**WHAT NEEDS TO BE DONE:** An exact copy of every line from the one holding "Some of the text" to the end of the entries below is required; leave the pictures out.

**MATERIAL SUPPLIED:**
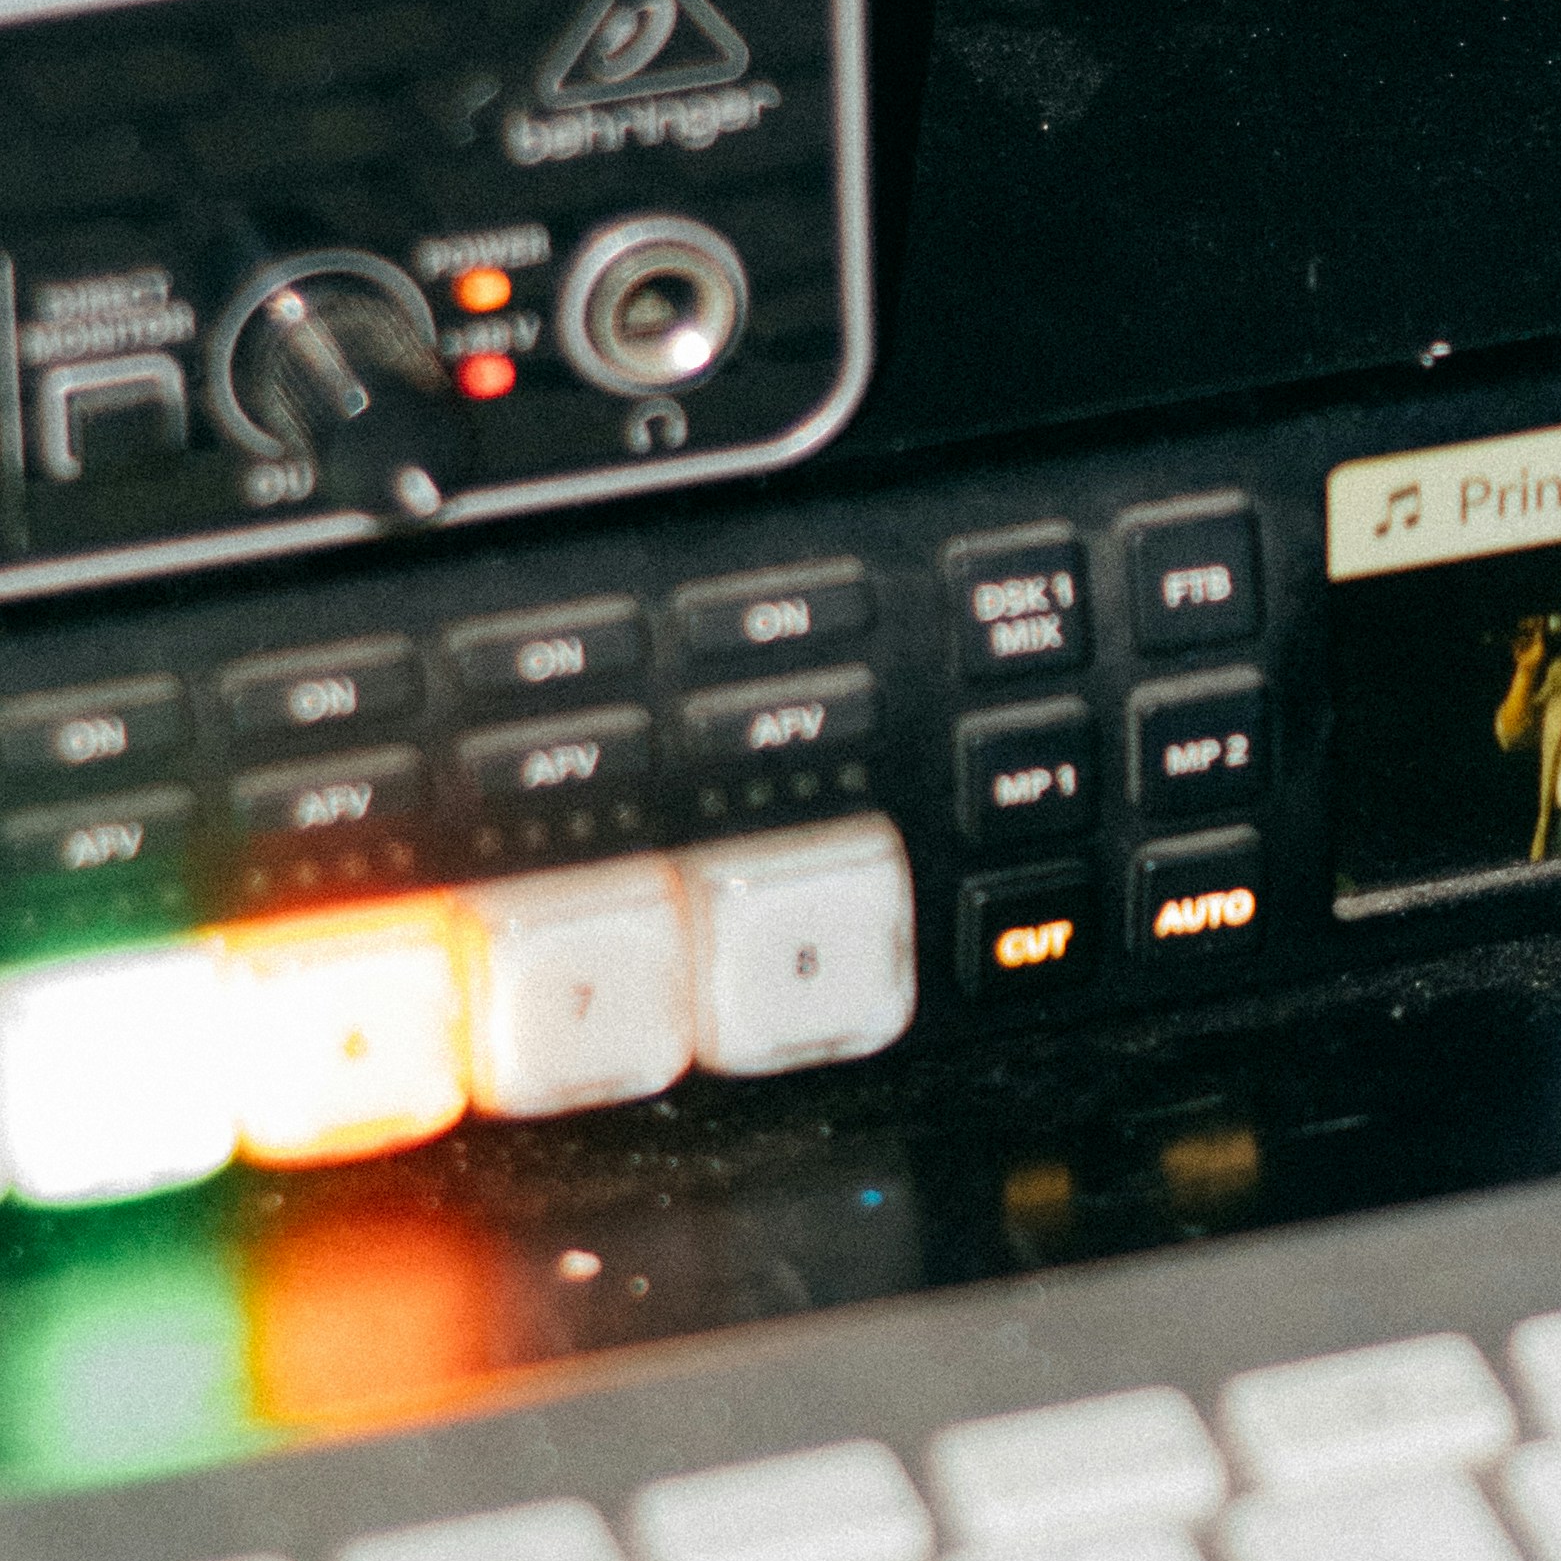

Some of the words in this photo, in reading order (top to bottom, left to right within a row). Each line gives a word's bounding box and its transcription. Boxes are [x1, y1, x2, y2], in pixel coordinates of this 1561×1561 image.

[973, 576, 1051, 621] DSK
[1052, 571, 1075, 610] 1
[1163, 564, 1232, 608] FTB
[743, 599, 811, 643] ON
[990, 613, 1064, 658] MIX
[515, 637, 586, 682] ON
[288, 678, 358, 726] ON
[54, 716, 127, 766] ON
[1165, 738, 1221, 776] MP
[1225, 733, 1249, 769] 2
[994, 768, 1052, 807] MP
[1055, 764, 1077, 798] 1
[1154, 887, 1256, 939] AUTO
[994, 919, 1073, 969] CUT
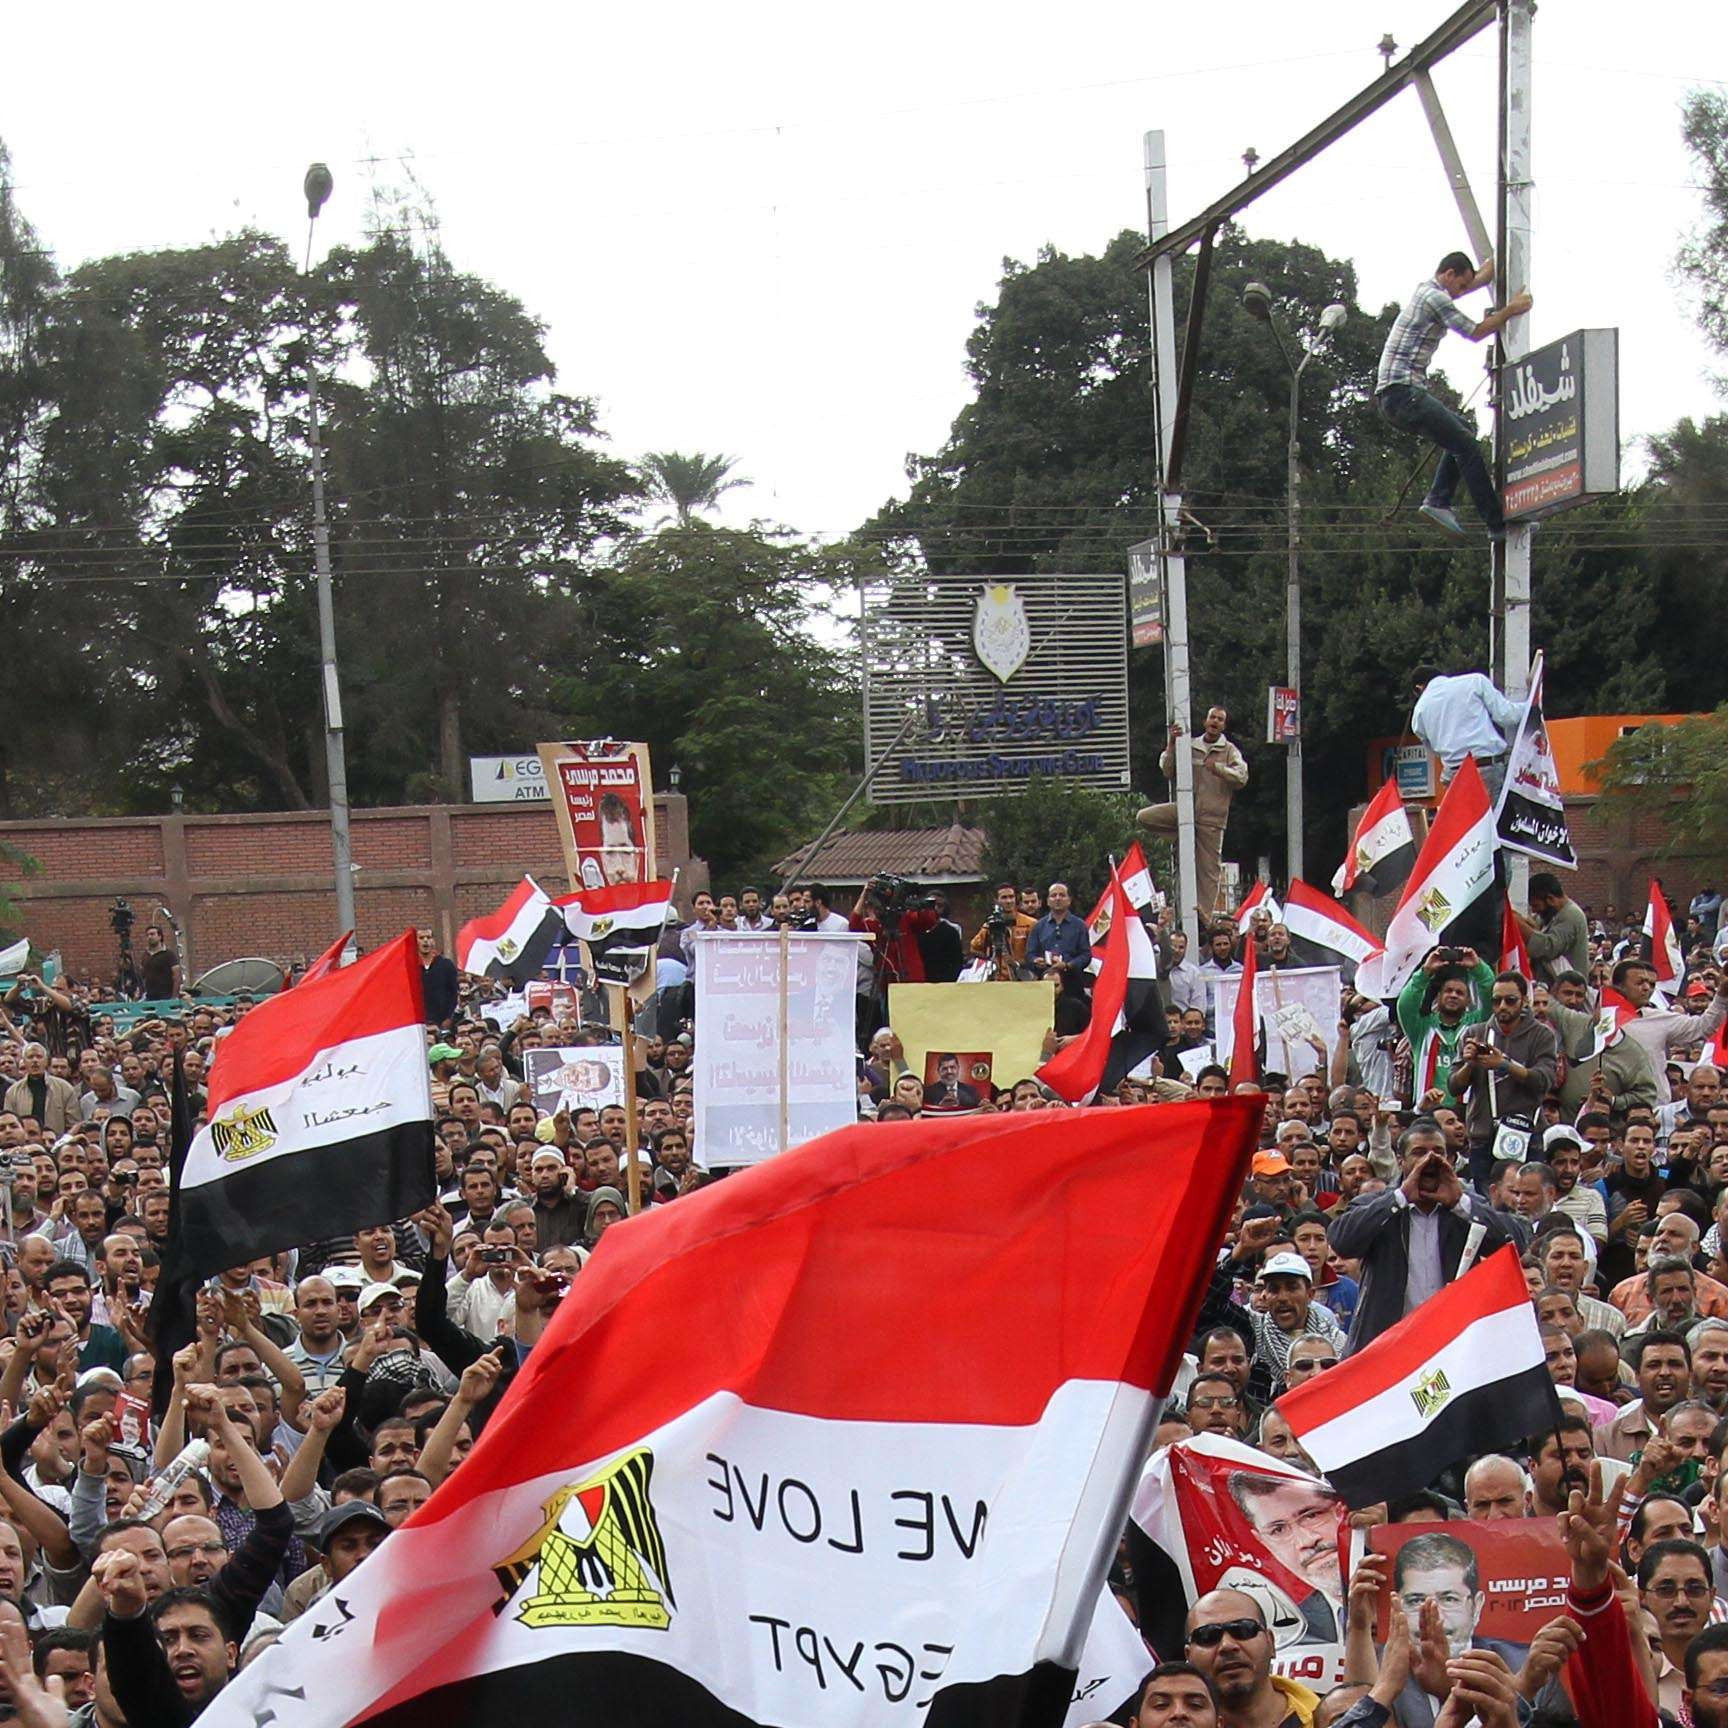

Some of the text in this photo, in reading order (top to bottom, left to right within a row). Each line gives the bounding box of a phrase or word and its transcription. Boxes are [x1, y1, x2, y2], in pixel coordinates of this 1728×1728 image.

[516, 760, 544, 775] EG
[601, 768, 635, 785] محمد
[515, 787, 544, 798] ATM
[1522, 1593, 1566, 1612] لمصر
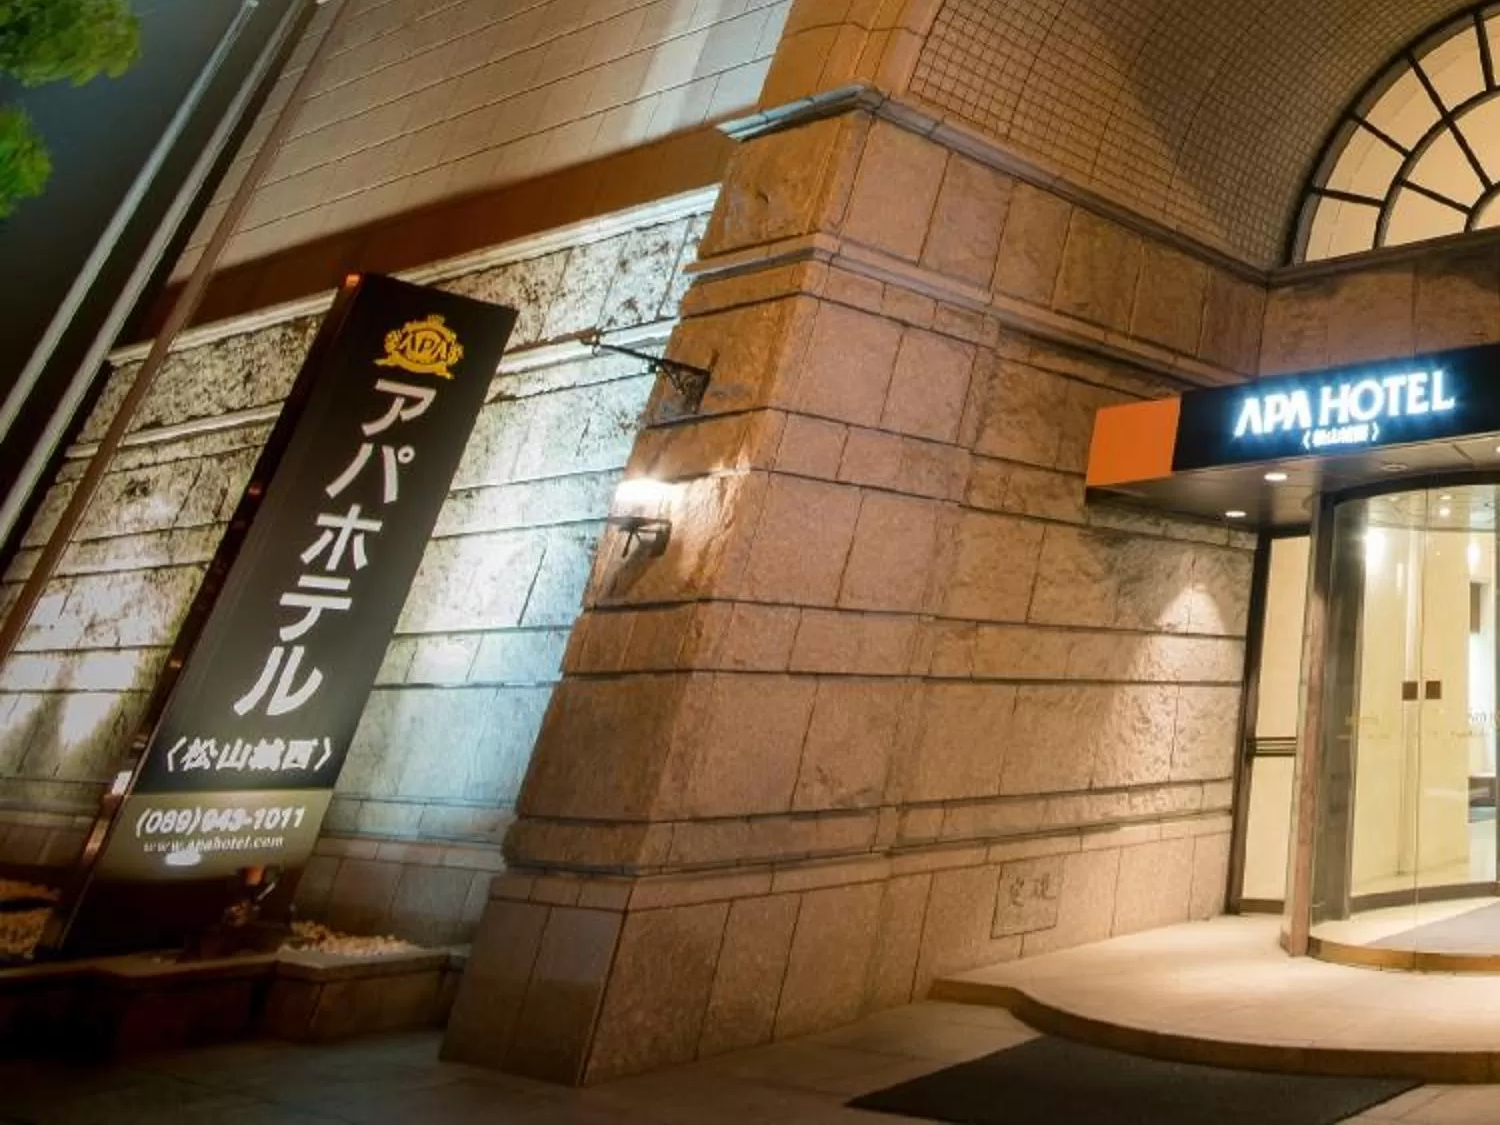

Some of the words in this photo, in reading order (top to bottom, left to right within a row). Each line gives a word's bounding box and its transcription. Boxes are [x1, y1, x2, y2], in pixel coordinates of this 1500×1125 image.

[1234, 390, 1312, 438] APA
[1318, 370, 1455, 427] HOTEL
[233, 378, 437, 717] アパホテル

**SOLUTION TO THE EXERCISE:**
Some of the text in this photo, in reading order (top to bottom, left to right within a row). Each line gives the bounding box of a phrase or word and its transcription. Boxes are [x1, y1, x2, y2], in pixel coordinates of this 1728×1728 image.

[516, 760, 544, 775] EG
[601, 768, 635, 785] محمد
[515, 787, 544, 798] ATM
[1522, 1593, 1566, 1612] لمصر

Some of the words in this photo, in reading order (top to bottom, left to right within a row). Each line gives a word's bounding box and its transcription. Boxes are [x1, y1, x2, y2], in pixel coordinates of this 1500×1125 image.

[1234, 390, 1312, 438] APA
[1318, 370, 1455, 427] HOTEL
[233, 378, 437, 717] アパホテル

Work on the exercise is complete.